Скучающая помещица
И стала Анна Иоанновна жить в Петербурге. В 1732 году Тайной канцелярии рассматривалось дело солдата Ивана Седова. Он позволил себе оскорбительно прокомментировать рассказ товарища, наблюдавшего возле дворца замечательную сцену. Ее величество Анна сидела у открытого окна. Мимо брел некий посадский человек в рваной шляпе. Анна его остановила, отчитала за непрезентабельный вид и выдала два рубля на новую шляпу. Поступок, достойный одобрения. Но не своим гуманизмом он интересен.
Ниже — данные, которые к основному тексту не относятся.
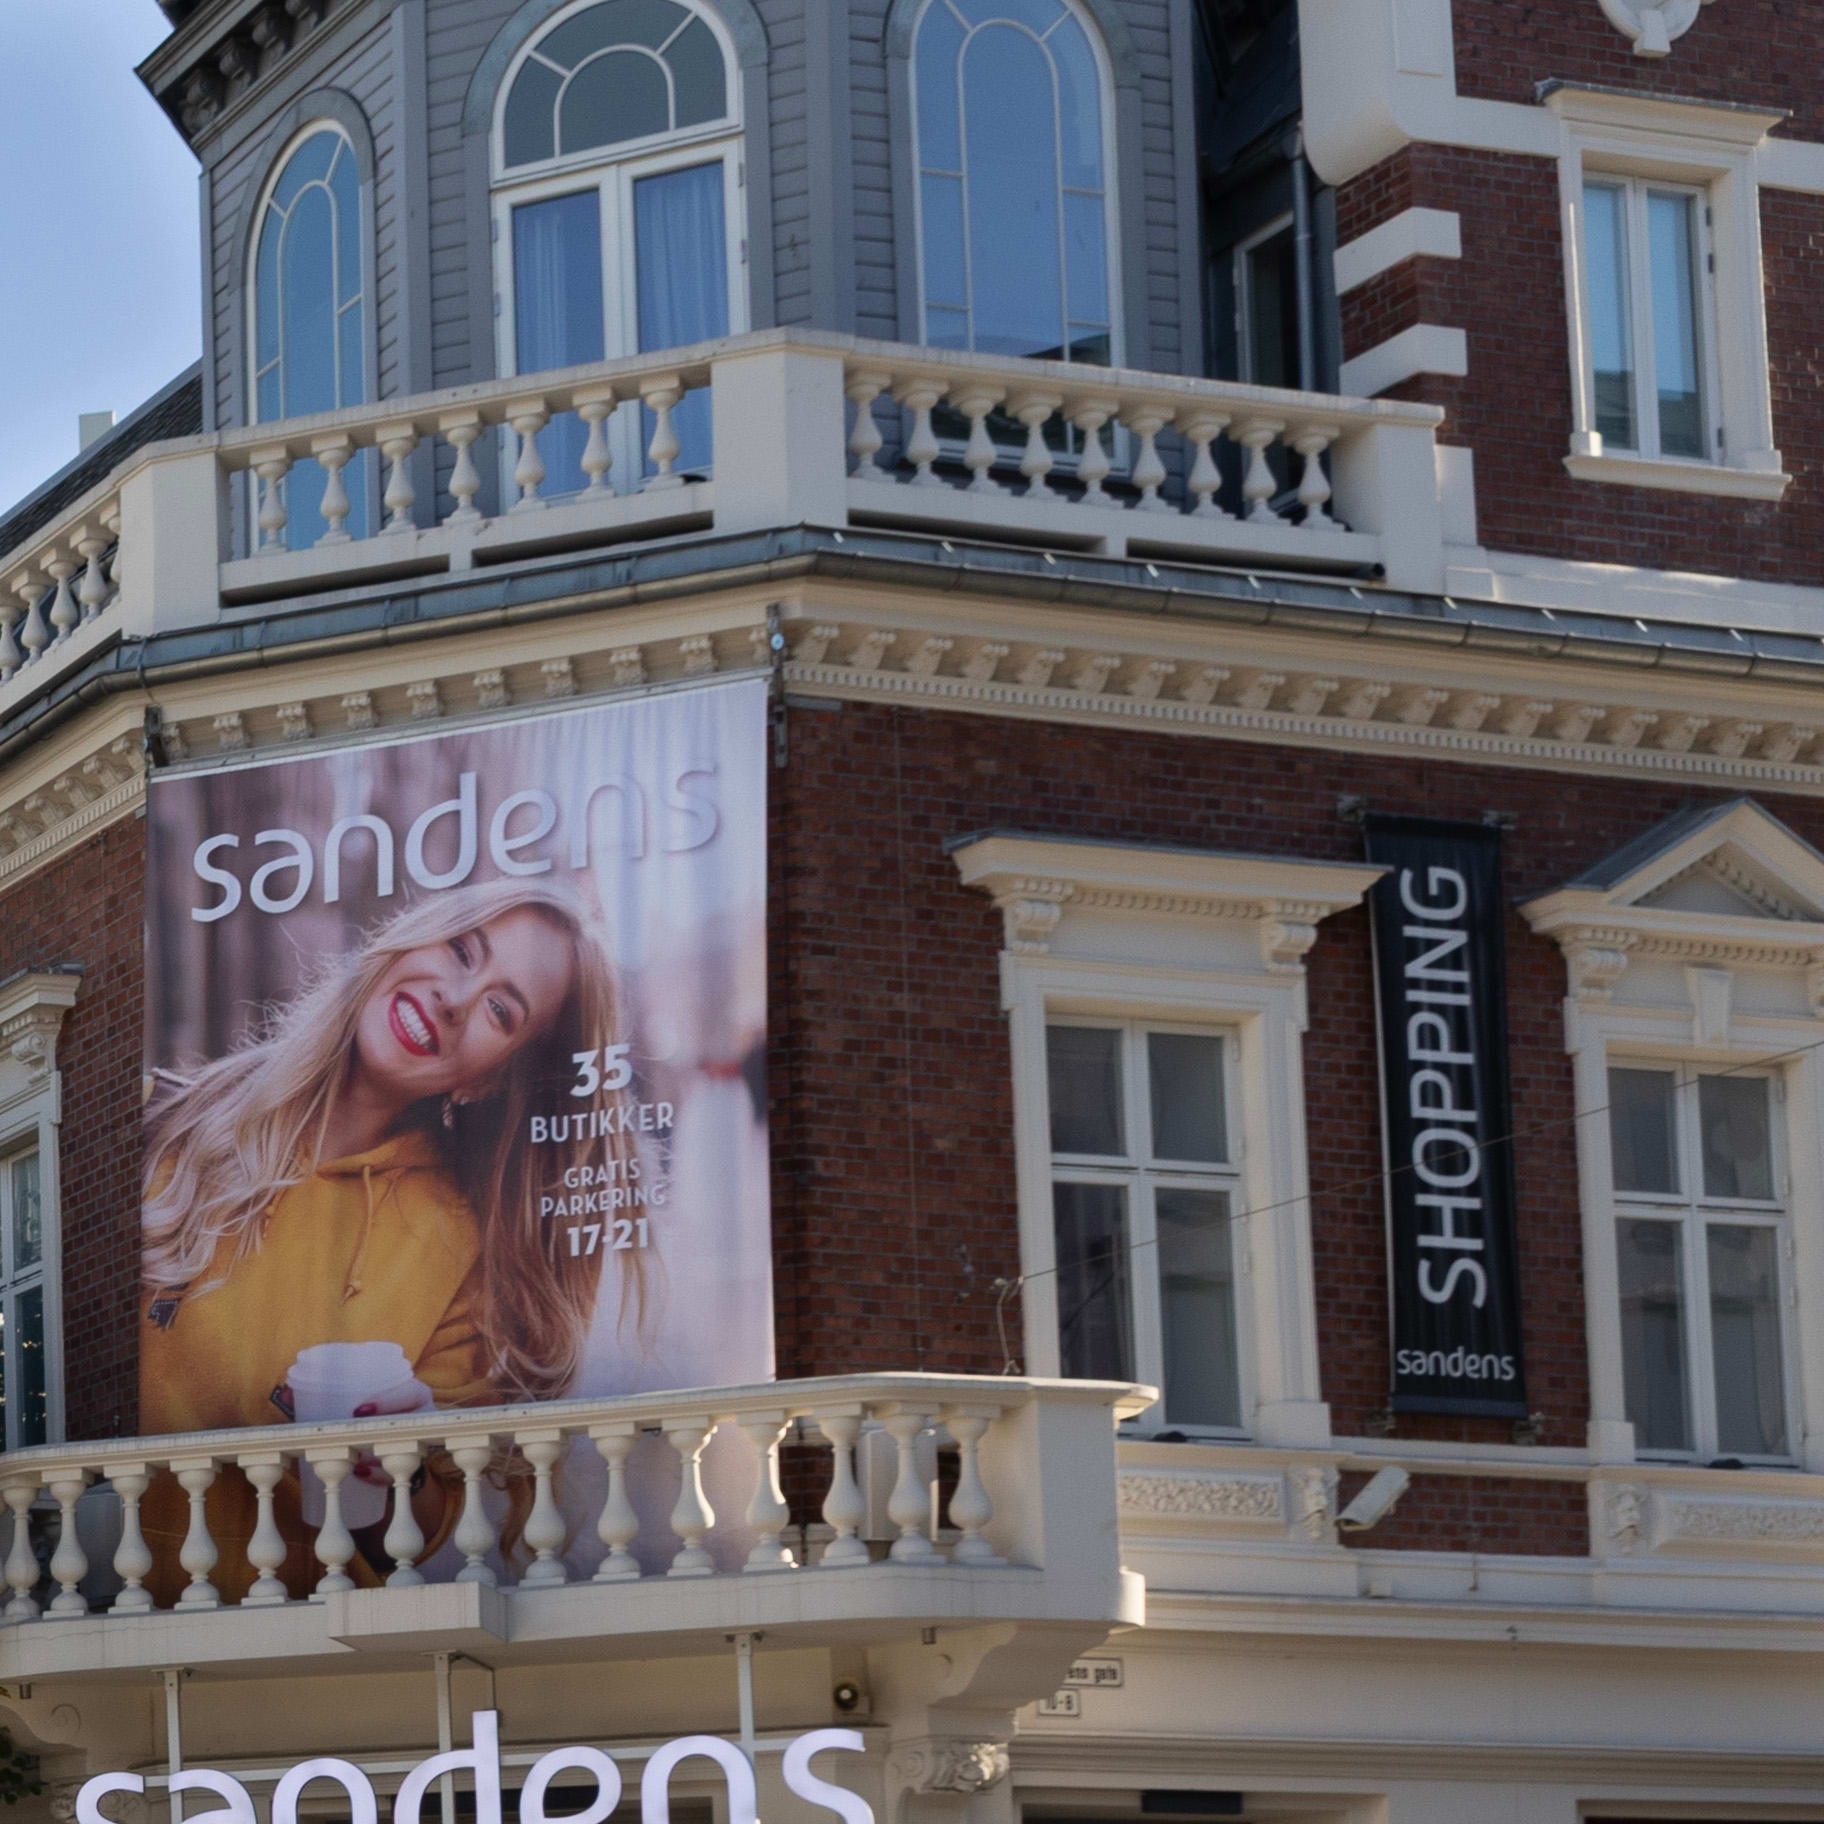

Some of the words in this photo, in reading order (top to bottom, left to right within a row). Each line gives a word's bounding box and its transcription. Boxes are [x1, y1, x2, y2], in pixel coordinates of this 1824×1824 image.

[190, 763, 720, 924] sandens
[570, 1043, 633, 1098] 35
[1400, 866, 1488, 1308] SHOPPING
[530, 1101, 675, 1144] BUTIKKER
[563, 1157, 641, 1189] GRATIS
[540, 1183, 666, 1218] PARKERING
[567, 1217, 650, 1257] 17-21
[1397, 1344, 1515, 1380] sandens
Просто в этой сцене — вся императрица. Образ скучающей помещицы, глазеющей из окна на прохожих или на драку козла с дворового собакой, вряд ли приложим, например, к Екатерине II, а вот к Анне — вполне. Она, в сущности, и была помещицей, правда, не какой-нибудь Богом забытой деревни, а громадной России.
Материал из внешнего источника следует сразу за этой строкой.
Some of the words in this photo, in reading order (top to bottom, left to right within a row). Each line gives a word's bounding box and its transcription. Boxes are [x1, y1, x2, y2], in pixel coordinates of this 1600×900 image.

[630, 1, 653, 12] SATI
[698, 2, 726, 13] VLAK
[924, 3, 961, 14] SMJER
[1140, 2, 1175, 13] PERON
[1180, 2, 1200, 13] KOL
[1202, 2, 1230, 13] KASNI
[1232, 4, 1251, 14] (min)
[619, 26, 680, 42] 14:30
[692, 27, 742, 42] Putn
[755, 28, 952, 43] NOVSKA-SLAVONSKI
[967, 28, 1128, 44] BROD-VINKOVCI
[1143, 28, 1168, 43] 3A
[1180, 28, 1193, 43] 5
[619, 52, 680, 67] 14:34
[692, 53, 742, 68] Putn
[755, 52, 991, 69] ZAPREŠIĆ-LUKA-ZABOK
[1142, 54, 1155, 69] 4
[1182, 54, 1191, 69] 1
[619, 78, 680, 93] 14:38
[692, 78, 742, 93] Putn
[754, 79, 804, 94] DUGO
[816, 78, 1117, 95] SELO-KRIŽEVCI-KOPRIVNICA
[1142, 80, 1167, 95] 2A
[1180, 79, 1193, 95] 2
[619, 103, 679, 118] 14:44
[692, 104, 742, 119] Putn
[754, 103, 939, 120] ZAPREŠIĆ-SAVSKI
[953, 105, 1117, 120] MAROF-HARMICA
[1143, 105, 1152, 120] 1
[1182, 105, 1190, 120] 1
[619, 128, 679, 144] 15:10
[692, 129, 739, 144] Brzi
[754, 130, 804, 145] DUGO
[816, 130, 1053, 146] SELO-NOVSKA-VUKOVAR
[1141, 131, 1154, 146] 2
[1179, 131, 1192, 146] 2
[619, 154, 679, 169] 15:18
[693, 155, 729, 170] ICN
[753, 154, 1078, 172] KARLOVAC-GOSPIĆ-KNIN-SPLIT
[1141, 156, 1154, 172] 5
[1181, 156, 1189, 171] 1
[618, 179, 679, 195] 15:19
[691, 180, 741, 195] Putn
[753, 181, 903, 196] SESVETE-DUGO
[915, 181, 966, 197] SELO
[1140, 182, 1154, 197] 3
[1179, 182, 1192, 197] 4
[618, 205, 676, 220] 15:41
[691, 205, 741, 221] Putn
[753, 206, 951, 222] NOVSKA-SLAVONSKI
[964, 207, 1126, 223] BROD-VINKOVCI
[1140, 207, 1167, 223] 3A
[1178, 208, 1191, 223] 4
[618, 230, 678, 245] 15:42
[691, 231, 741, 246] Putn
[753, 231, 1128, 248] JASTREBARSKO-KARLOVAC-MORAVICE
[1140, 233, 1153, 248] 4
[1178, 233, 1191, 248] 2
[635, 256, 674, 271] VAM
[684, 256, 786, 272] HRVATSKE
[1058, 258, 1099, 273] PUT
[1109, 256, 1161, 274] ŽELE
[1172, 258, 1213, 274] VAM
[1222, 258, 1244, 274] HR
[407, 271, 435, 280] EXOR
Мелочная, суеверная, капризная госпожа, она пристрастно и ревниво оглядывала из своего петербургского «окна" весь свой обширный двор и, замечая непорядок, примерно наказывала виновных слуг и рабов. Был у нее и свой управляющий. Он ведал самой большой „деревней“ — Москвой. Звали его графом Семеном Андреевичем Салтыковым. Читатель помнит, что именно ему Анна поручила в памятный день 25 февраля 1730 года командовать гвардией. Теперь он командовал Москвой. «Семен Андреевич! Изволь съездить на двор к Апраксину и сам сходи в его казенную палату, изволь сыскать патрет отца его, что на лошади написан, и к нам прислать, а он, конечно, в Москве и если его спрячет, то плохо им, Апраксиным, будет. Анна». И такие письма Салтыков получал десять лет подряд.
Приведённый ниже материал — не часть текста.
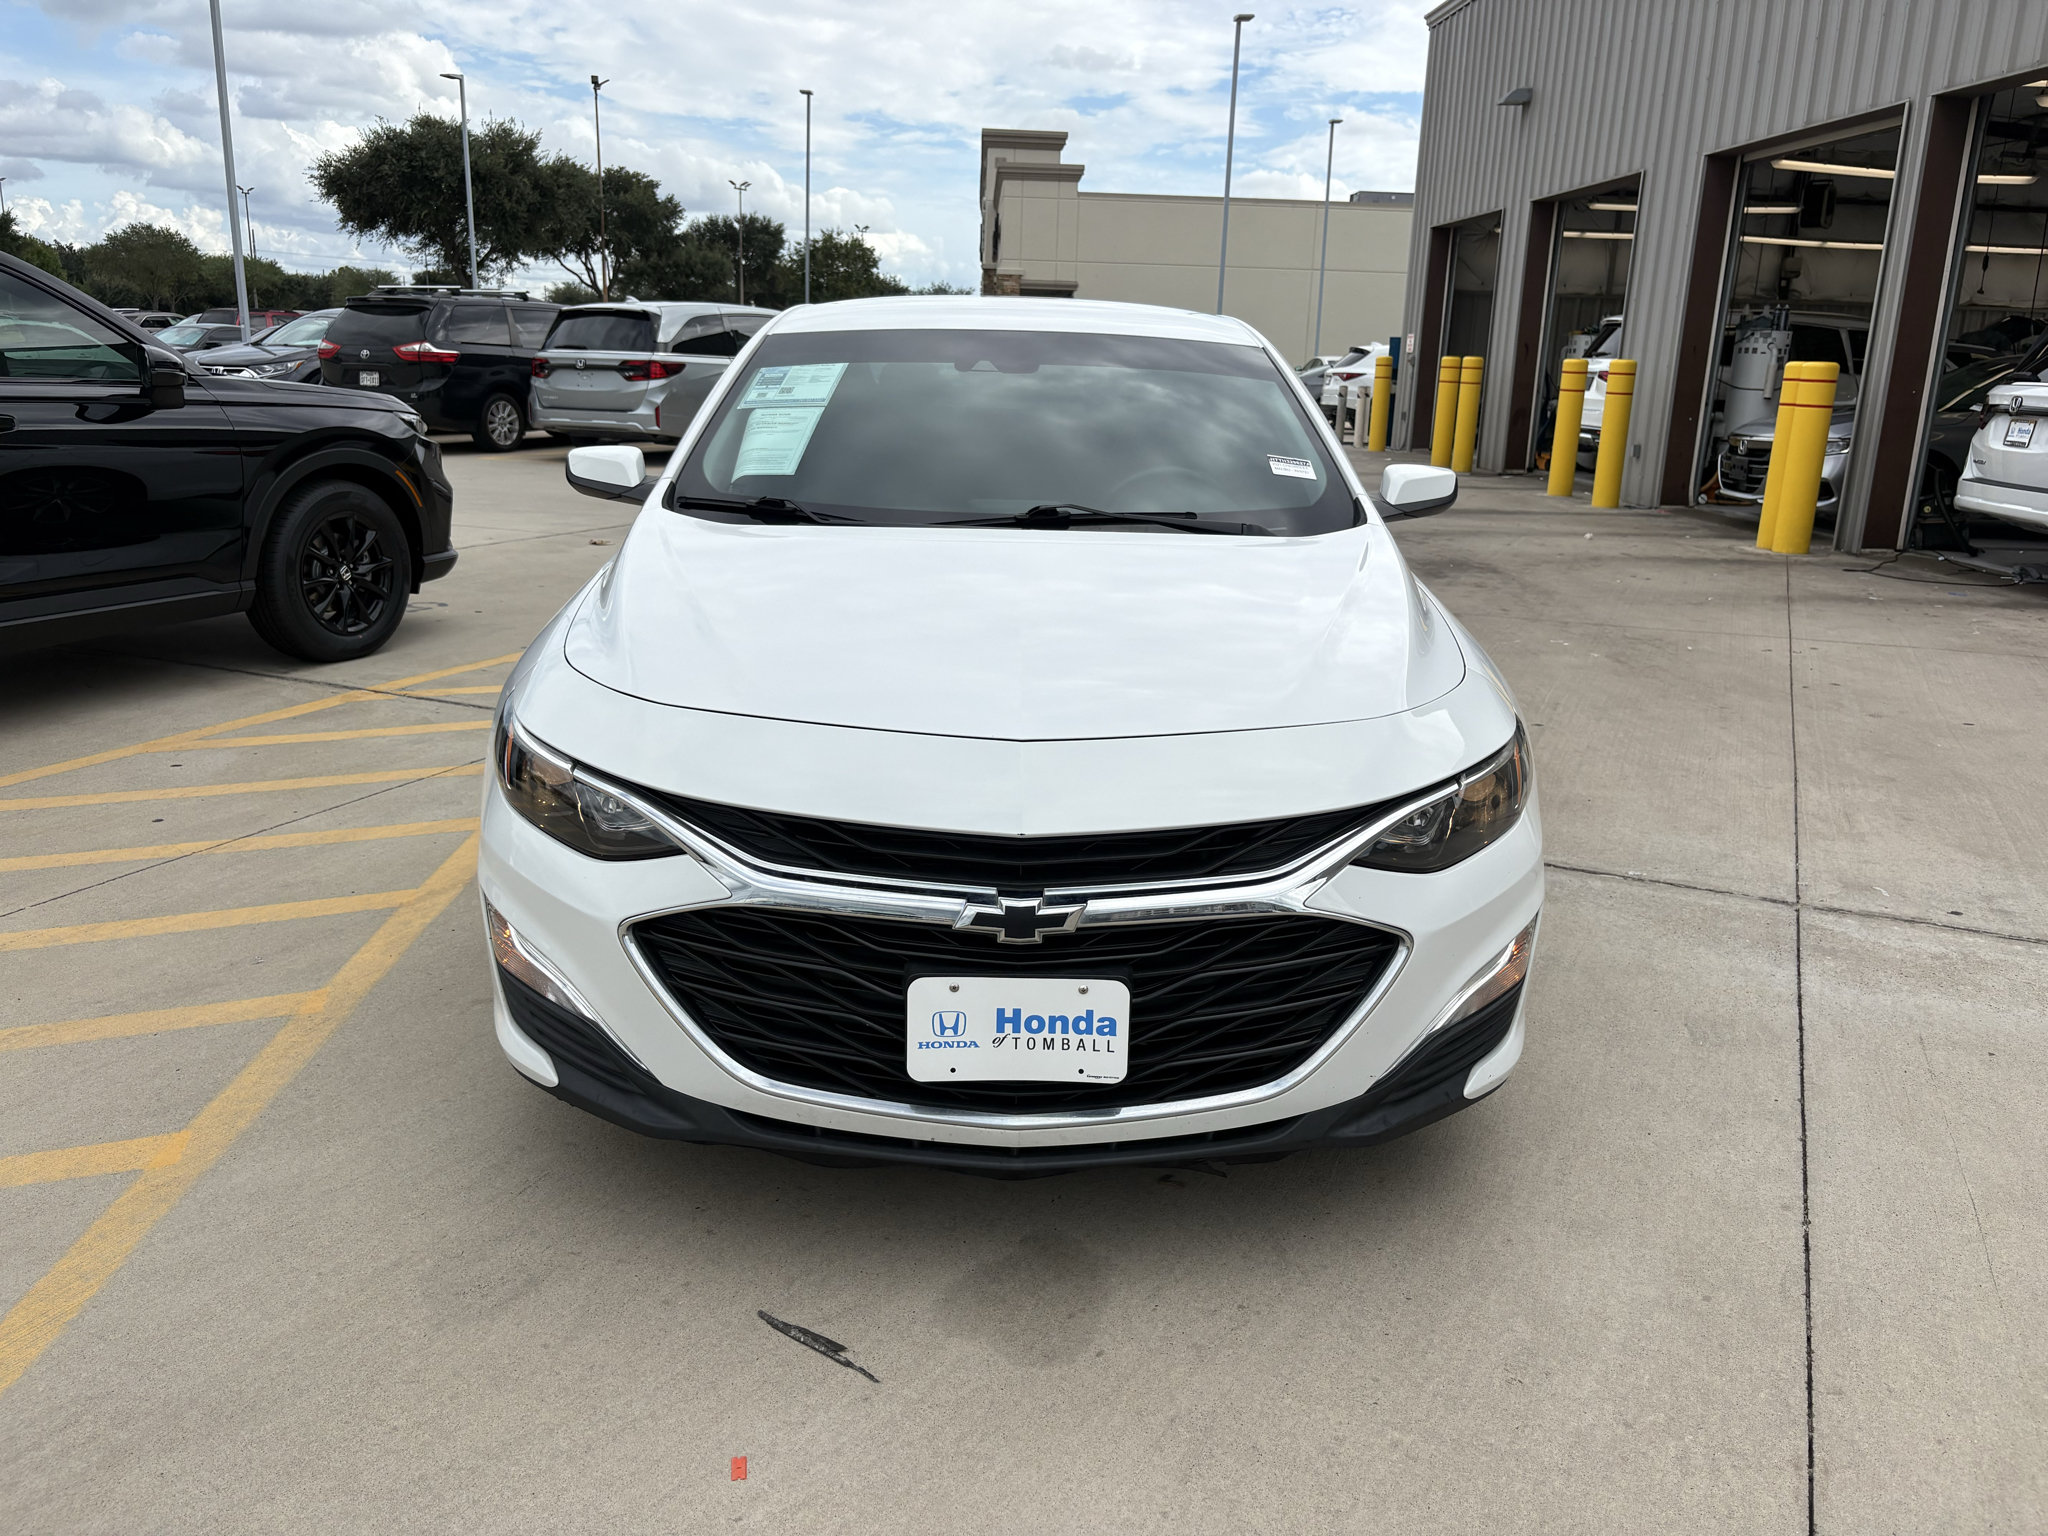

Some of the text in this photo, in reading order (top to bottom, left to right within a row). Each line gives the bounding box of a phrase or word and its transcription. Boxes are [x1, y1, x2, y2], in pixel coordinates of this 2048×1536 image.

Не раз и не два главнокомандующий Москвы и генерал-аншеф, граф и сенатор, стукаясь головой о низкие притолоки, лез в темные кладовые и чуланы подданных императрицы, чтобы среди паутины и хлама добыть какой-нибудь «патрет» или чьи-то «письма амурные». «Також осведомися, — пишет Анна Салтыкову, — отец Голицына (одного из придворных. — Е.А.) был ли болен, как сын его нам здесь объявлял, или в совершенном здравии, а ежели болен, то отпиши, какою болезнию и сколь долго болен был». Это уже нашей помещице кто-то донес на притвору князя, и она приказывает проверить, иначе — гнев за обман. Письма к московскому управляющему пестрят оборотами; «слышала я", „слышно нам здесь", „пронеслось, что…“, „чрез людей уведомилась". Именно сплетни — незаменимый и универсальный источник информации — Анна ценила превыше всего. Когда читаешь ее письма, складывается забавное впечатление, что ей известно все, что она пронзает пространство своим острым глазом и слухом и ведает, что, например, «в деревне у Василия Федоровича Салтыкова крестьяне поют песню, которой начало: «Как у нас, в селе Поливанове есть боярин от-дурак: решетом пиво цедит“, что в Москве, в одном из кабаков «на окне стоит клетка с говорящим скворцом“, что некто господин Кондратович, вместо того чтобы ехать на службу, шатается по Москве, что, наконец, в деревне Салтовке «имеется мужик, который унимает пожары". И помещица Ивановна тут же строго распоряжалась: мужика слова песни и скворца срочно доставить в Петербург, а Кондратовича выслать по месту службы.
Салтыкову, исполняя волю барыни, приходилось часто действовать, как тогда говорили, «под рукою», то есть тайно. Это тоже была излюбленная манера поведения Анны — полновластной повелительницы жизни и имущества своих подданных. Впрочем, Анна совала свой «немного продолговатый» нос в чужие дела прежде всего потому, что чувствовала себя хозяйкой имения, наполненного ленивой и жуликоватой дворней, и исповедовала принцип самодержавия: «А кого хочу пожаловать — в том я вольна». И Анна была абсолютно права — именно неограниченной власти царицы жаждали дворяне на памятной встрече в Кремле в феврале 1730 года.